Hello, it’s me. I swear there is a meme opportunity hidden somewhere around here. Well, perhaps for an another time. Anyway, I am still pretty much alive, even if I feel far from it (really far from it) and I am trying my best to keep the site at least alive. I gave my best shot to keep at least this segment on a tight weekly schedule, but with work every damn day and the blasted heat I think I can be forgiven, at least a bit. But I promise you I am still hard at work on my writing stuff behind the scenes, even if I now occasionally pop by Twitter and say hi, I assure you the new book is being written and the old one edited. Let just say I had my best intentions and even a clean plan to make content weekly for the Word Den, but the limit of the human body kept me in place as it seems so easy to pass out every night when I come back. So at least I think I owe one POW even if I don’t have a recurring theme to talk about. Kinda planned POW to be constructed like that, think of it as an episode of the Simpsons, it starts with one event that somehow leads to a whole another one that becomes the theme of the episode. Jesus, I really must be done and dusted if I am starting to compare this to a cartoon. Well, be it that I am reaching the limit of the human body and the soreness of the muscles is slowly making its way to my brain or the lack of rest and sleep fuled my insanity even further and I am really beyond saving. But enough of rambling let’s do this!

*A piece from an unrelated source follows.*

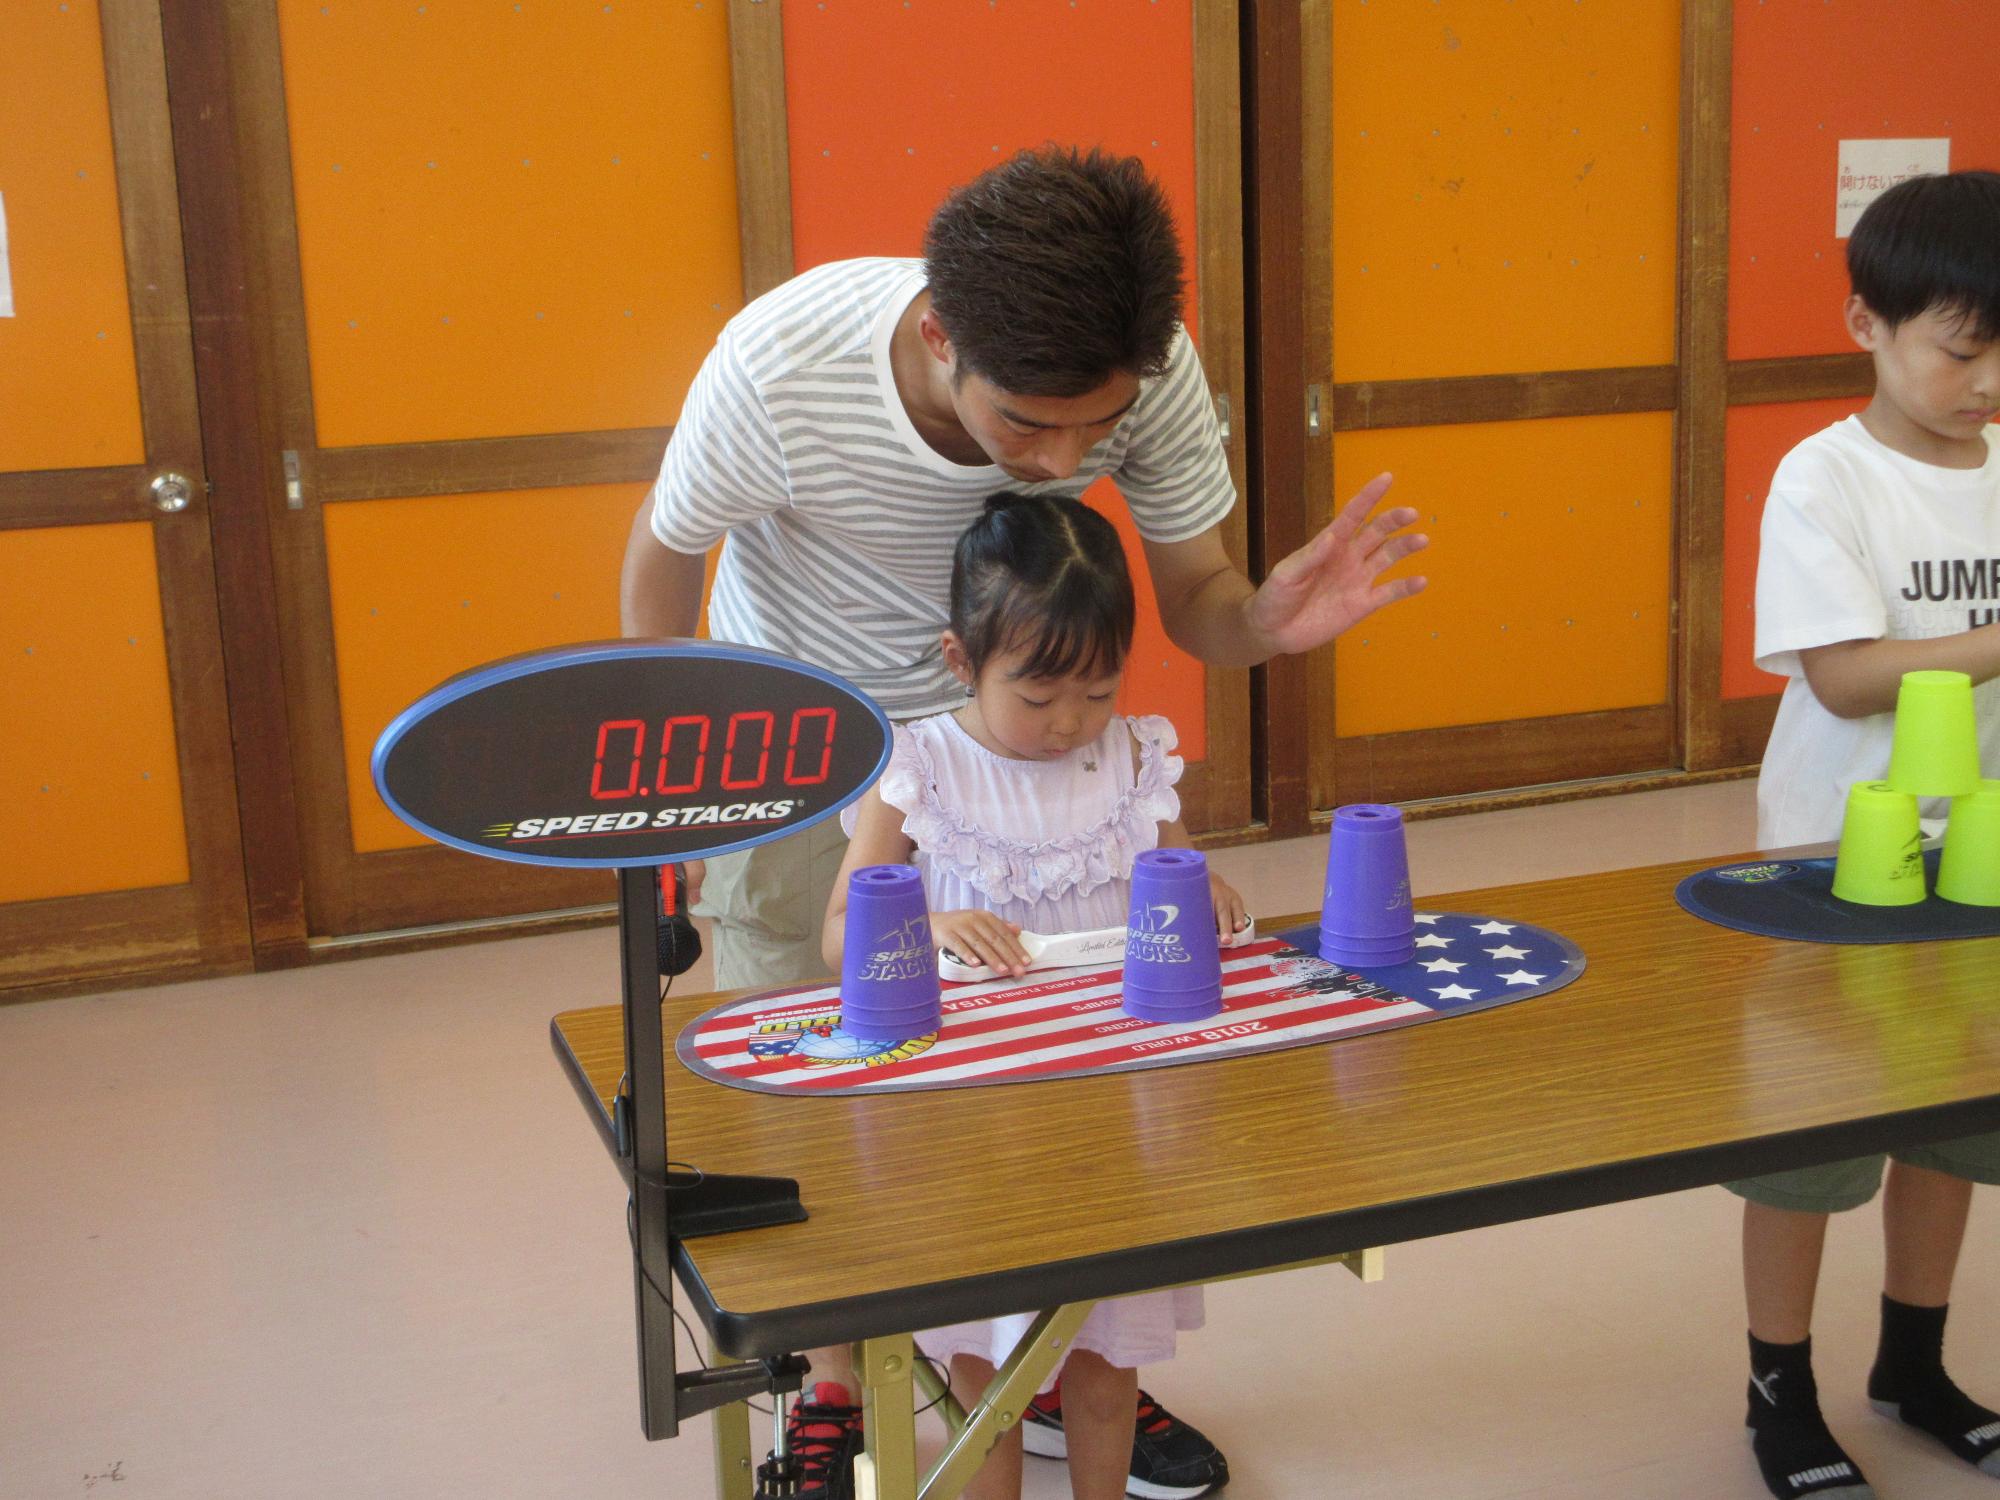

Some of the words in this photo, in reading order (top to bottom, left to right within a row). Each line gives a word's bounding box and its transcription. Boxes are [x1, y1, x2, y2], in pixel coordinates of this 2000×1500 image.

I said perhaps now more then a dozen times I wanted to not just use this segment as an opportunity to connect, but to try and share, become more personal, not just as a writer but as a human being in general. So for this rare appearance on the site, I want to talk about fear. They say fear is the great motivator. Who the fuck even thought of that? Yea perhaps when you are trapped in a death binding situation where all is down to fight or flight, but how can fear be the great motivator if it is occurring in more then just a moment? What happens when it fills the entirety of our days, when it sleeps and wakes up, spending every waking hour next to our already near broken husks who really don’t need any more motivation to slow or completely shut down? Fear ain’t the great motivator it is the greatest set back in life that like a bully, you let it push you far enough, it shall never stop kicking you around. And lately it doesn’t let me stand up. I know it is the product of my mind, the depression followed now with constant anxiety where I fear even the sound of the passing car on the street, but combine it with work everyday which doesn’t just take a toll on you physically but mentally, you end up getting a jumpy depressed lad who is scared of his own shadow.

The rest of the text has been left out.